Добавить в цитаты Настройки чтения

Страница 26 из 36



«Седоста два токмо (то есть князь и Сергий. – Авт.), а всем предстоящим», – рассказывает агиограф. Только тогда земледелец убедился, что и в самом деле видел игумена, а после отъезда князя стал кланяться Сергию, умоляя простить и благословить.[288]

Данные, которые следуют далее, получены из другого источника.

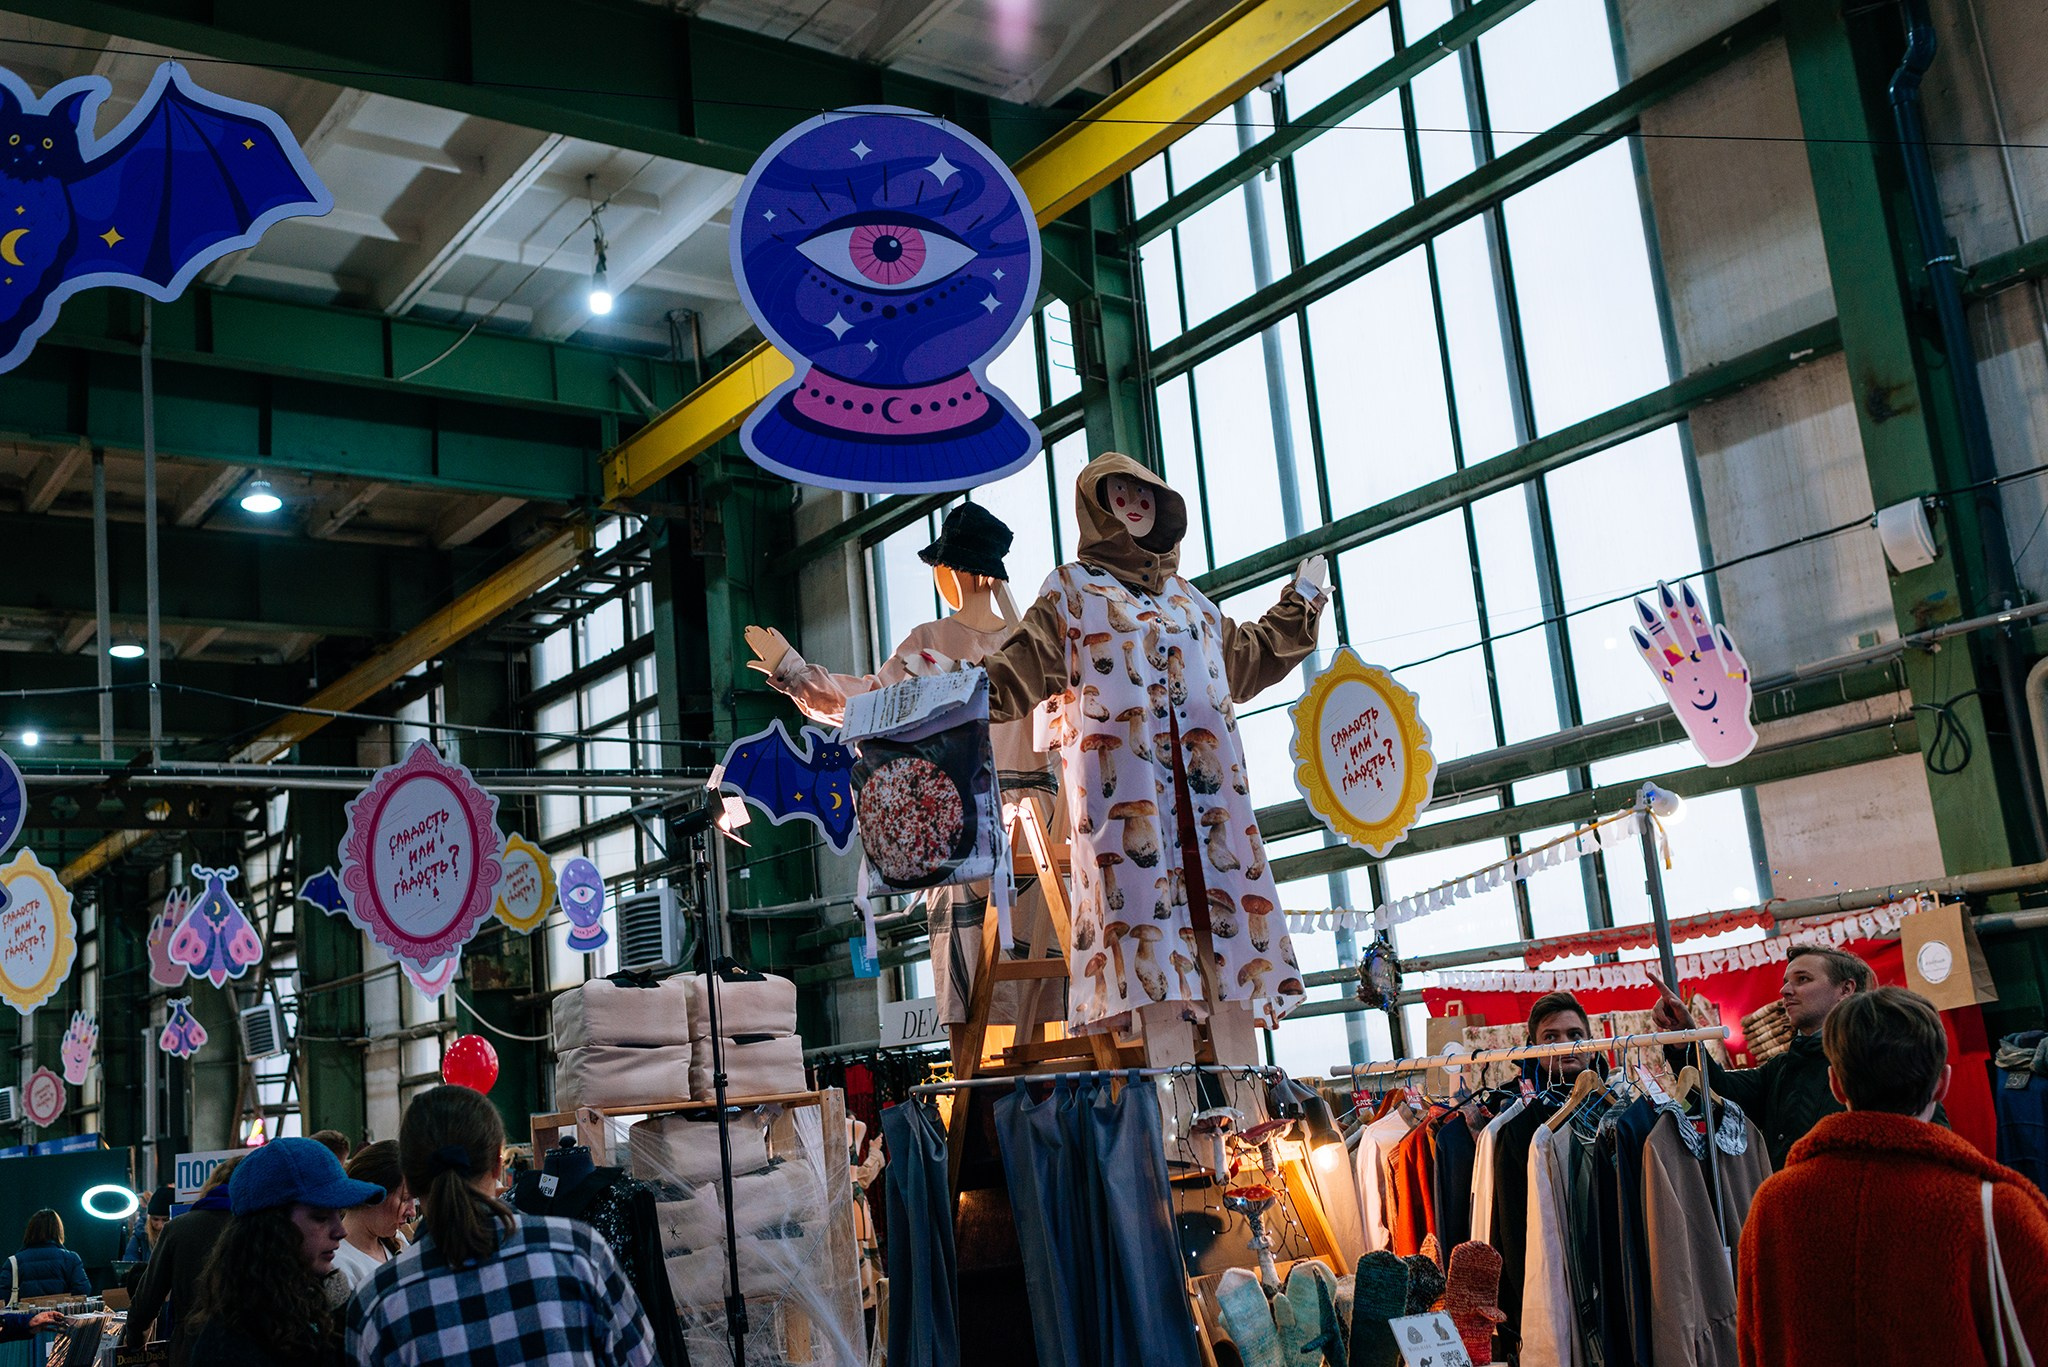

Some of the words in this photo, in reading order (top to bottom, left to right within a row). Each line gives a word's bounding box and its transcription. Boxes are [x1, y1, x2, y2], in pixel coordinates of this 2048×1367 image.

[1331, 707, 1378, 756] СЛАДОСТЬ
[1349, 733, 1372, 766] ИЛИ
[389, 808, 449, 858] СЛАДОСТЬ
[409, 837, 435, 871] ИЛИ
[2, 899, 40, 933] СЛАДОСТЬ
[14, 919, 31, 941] ИЛИ
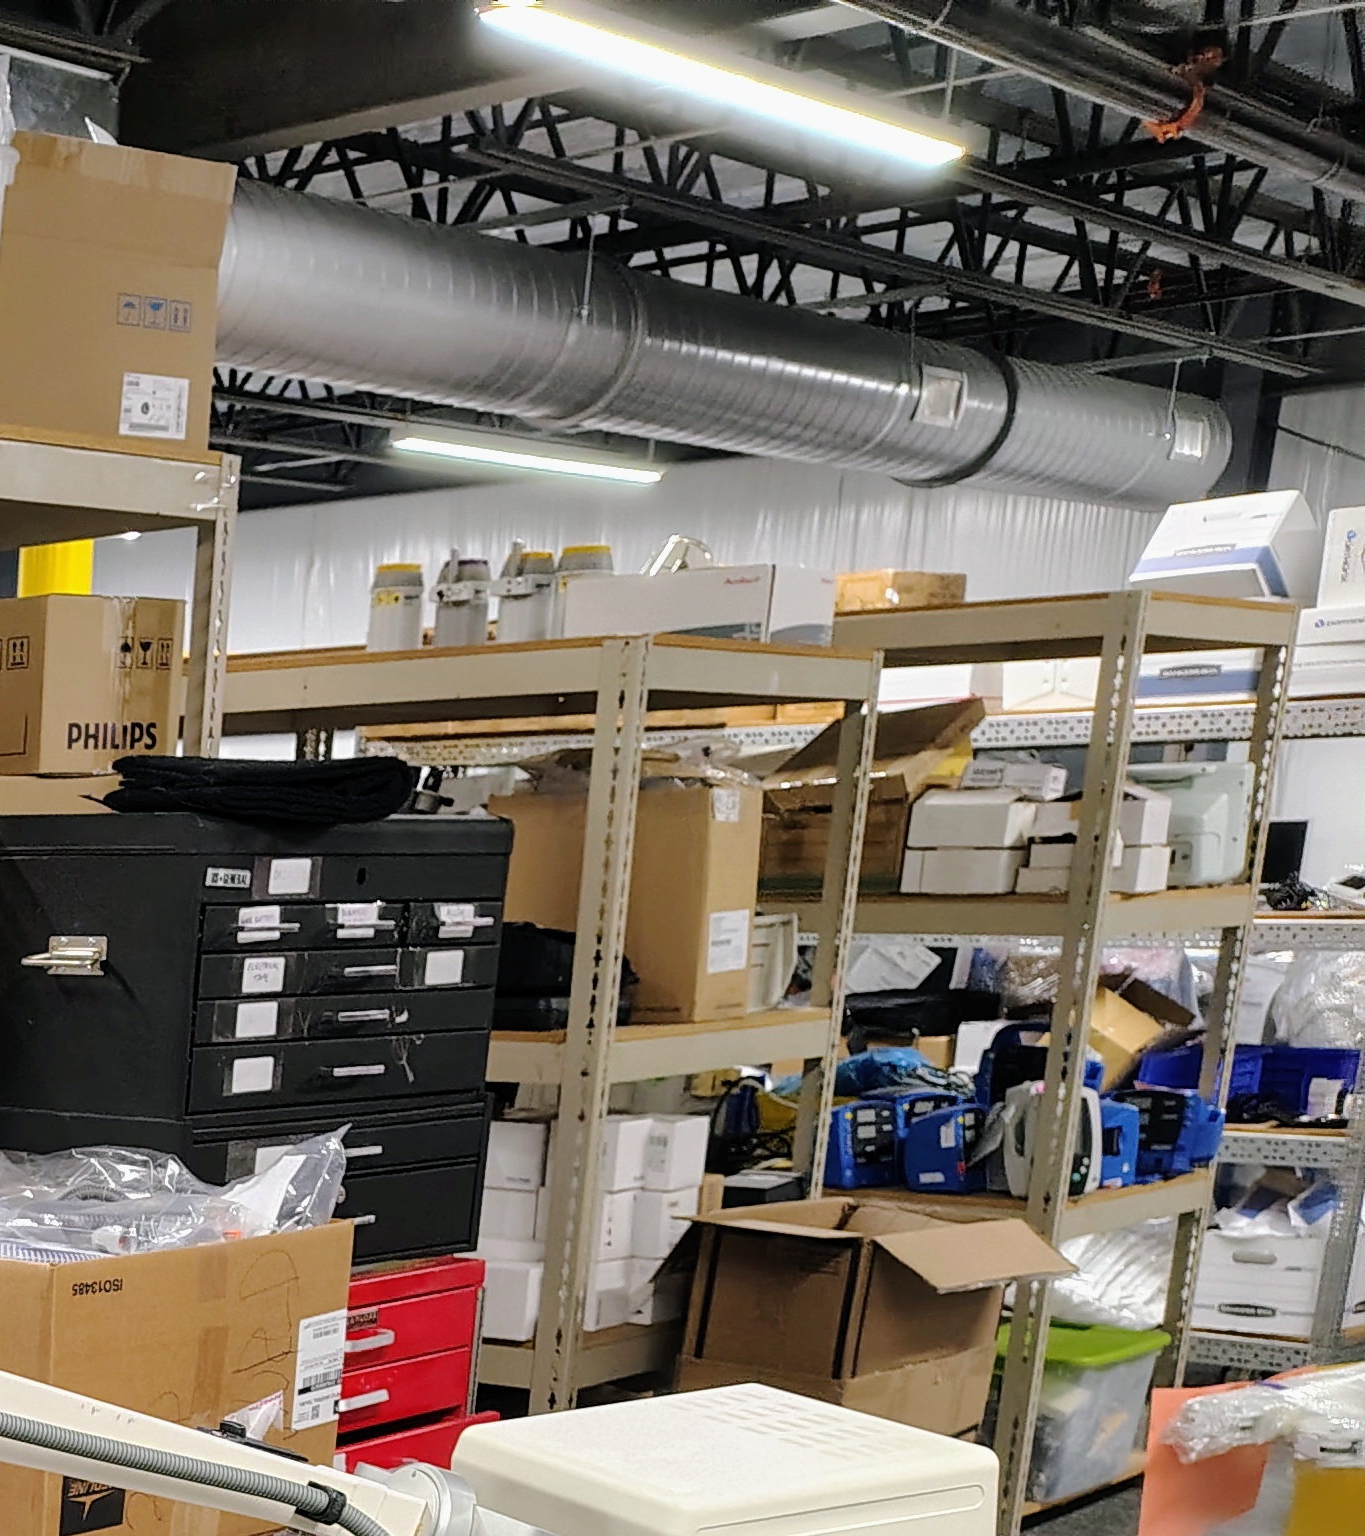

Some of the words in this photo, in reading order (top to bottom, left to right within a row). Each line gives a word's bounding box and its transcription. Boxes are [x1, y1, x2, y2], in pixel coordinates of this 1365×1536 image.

[67, 722, 157, 750] PHILIPS
[72, 1278, 124, 1296] ISO13485
[68, 1478, 116, 1497] EDLINE
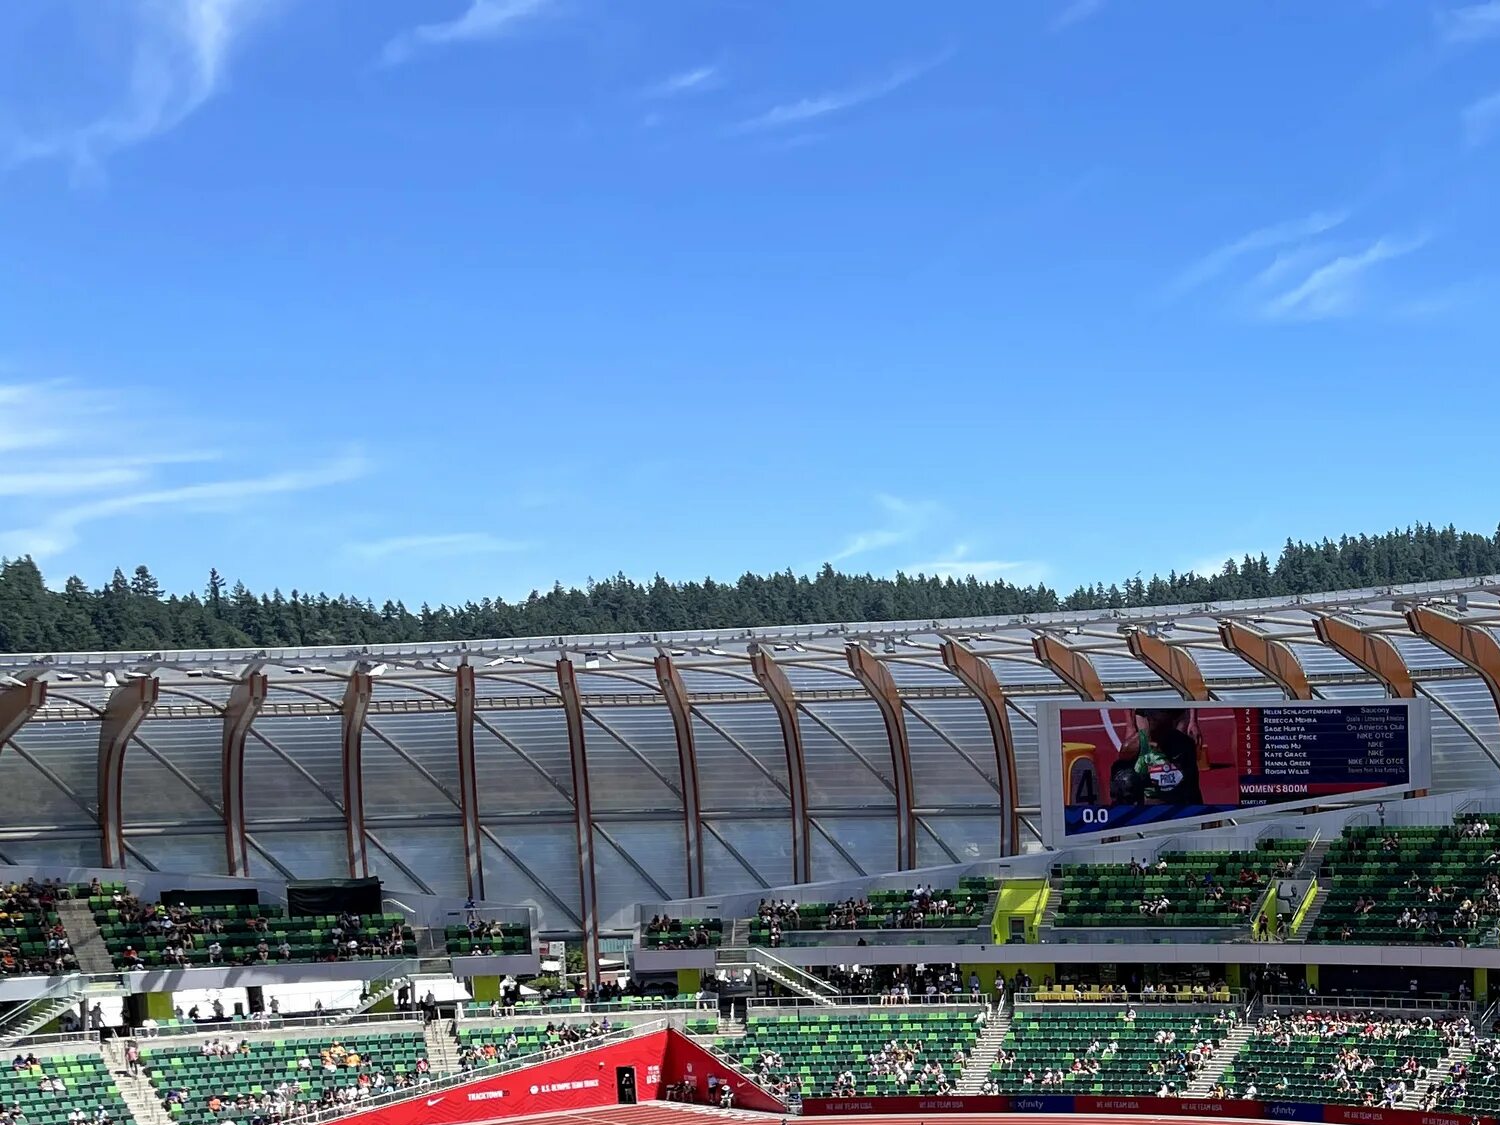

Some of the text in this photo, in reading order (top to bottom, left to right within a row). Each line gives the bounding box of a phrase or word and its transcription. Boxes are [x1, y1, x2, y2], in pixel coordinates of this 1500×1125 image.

[1160, 774, 1176, 784] PRICE
[1240, 785, 1281, 793] WOMEN'S
[1082, 808, 1108, 823] 0.0
[1017, 1101, 1044, 1110] xfinity
[1272, 1106, 1296, 1117] xfinity
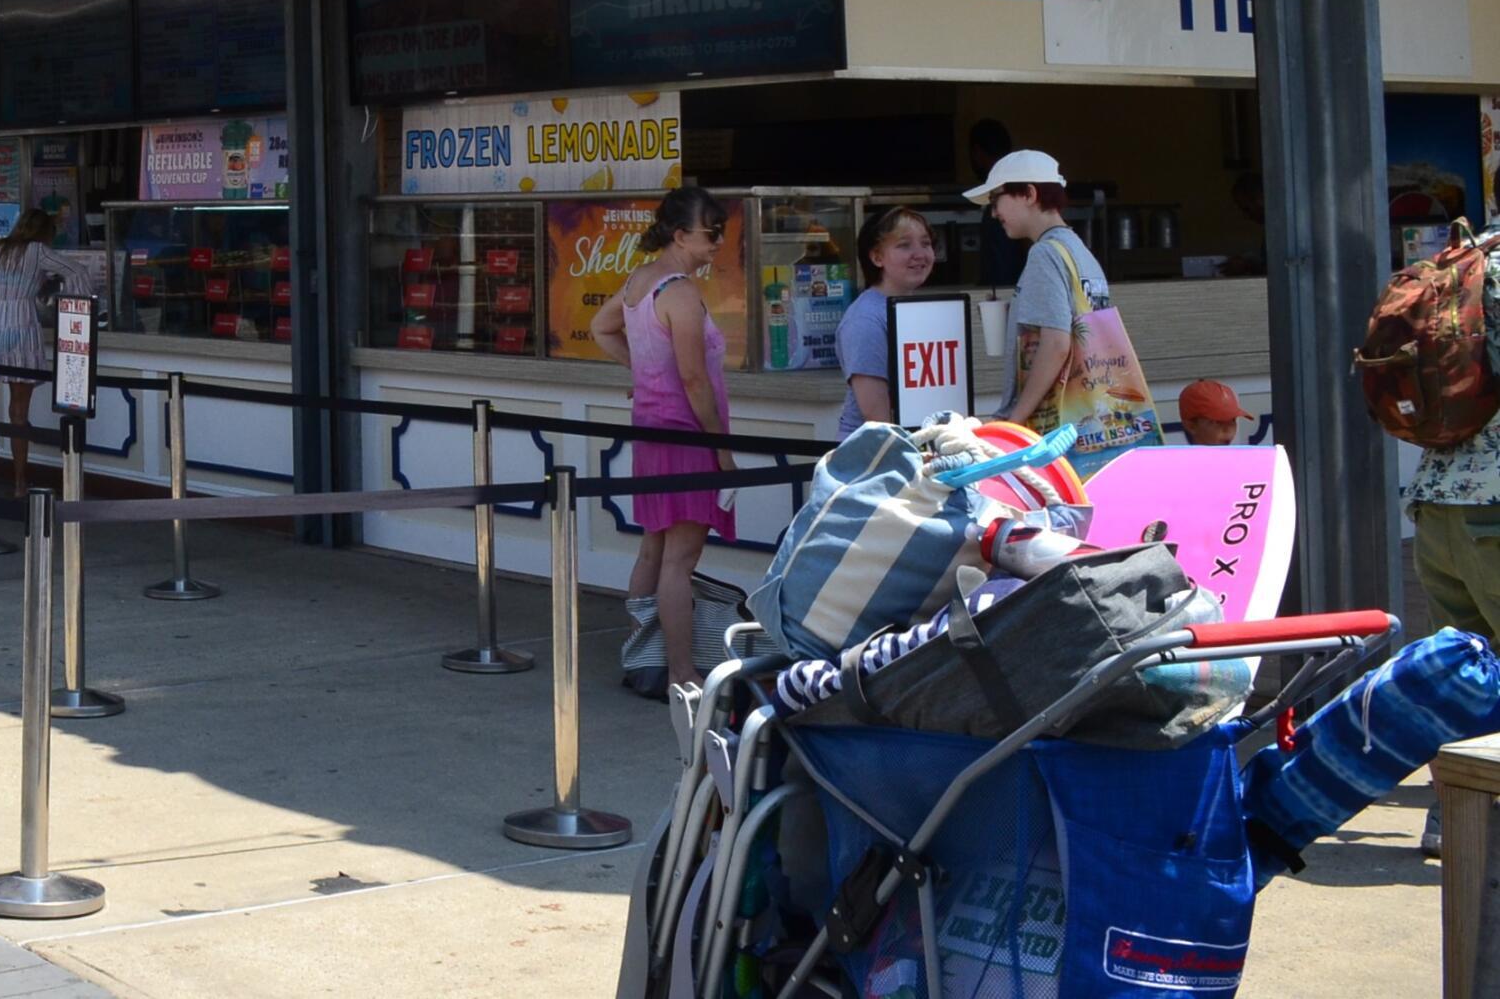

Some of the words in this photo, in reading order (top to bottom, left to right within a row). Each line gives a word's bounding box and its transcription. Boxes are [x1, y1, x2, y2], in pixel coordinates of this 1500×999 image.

Этот рассказ Епифания Премудрого лишен каких-либо хронологических примет. Тем не менее ряд биографов Сергия пытался выяснить время этого эпизода. Так, В. А. Кучкин определяет не только имя князя (по его мнению, под ним «должен подразумеваться удельный князь Владимир Андреевич»), но и дату данных событий («не ранее 1372 г.»). Основанием для этих заключений стало предположение историка, что «приезд князя в монастырь был возможен, как правило, в том случае, когда князь был владельцем удела, где располагалась обитель. Поэтому появление в Троице князя с многочисленной свитой следует расценивать как признак перехода Радонежа к другому владельцу». И далее, ссылаясь на факт раздела после смерти княгини Ульяны ее бывших владений между великим князем Дмитрием и его двоюродным братом Владимиром, исследователь предполагает, что именно в результате этого события, произошедшего в 1373 г., Радонеж, а вместе с ним и Троицкий монастырь, перешел под власть князя Владимира.[289] Однако еще в первой главе книги было показано, что раздел владений Ульяны не имеет к Радонежу никакого отношения, ибо эта волость принадлежала уже отцу Владимира, а следовательно, вся аргументация историка по поводу датировки этого эпизода не может быть принята.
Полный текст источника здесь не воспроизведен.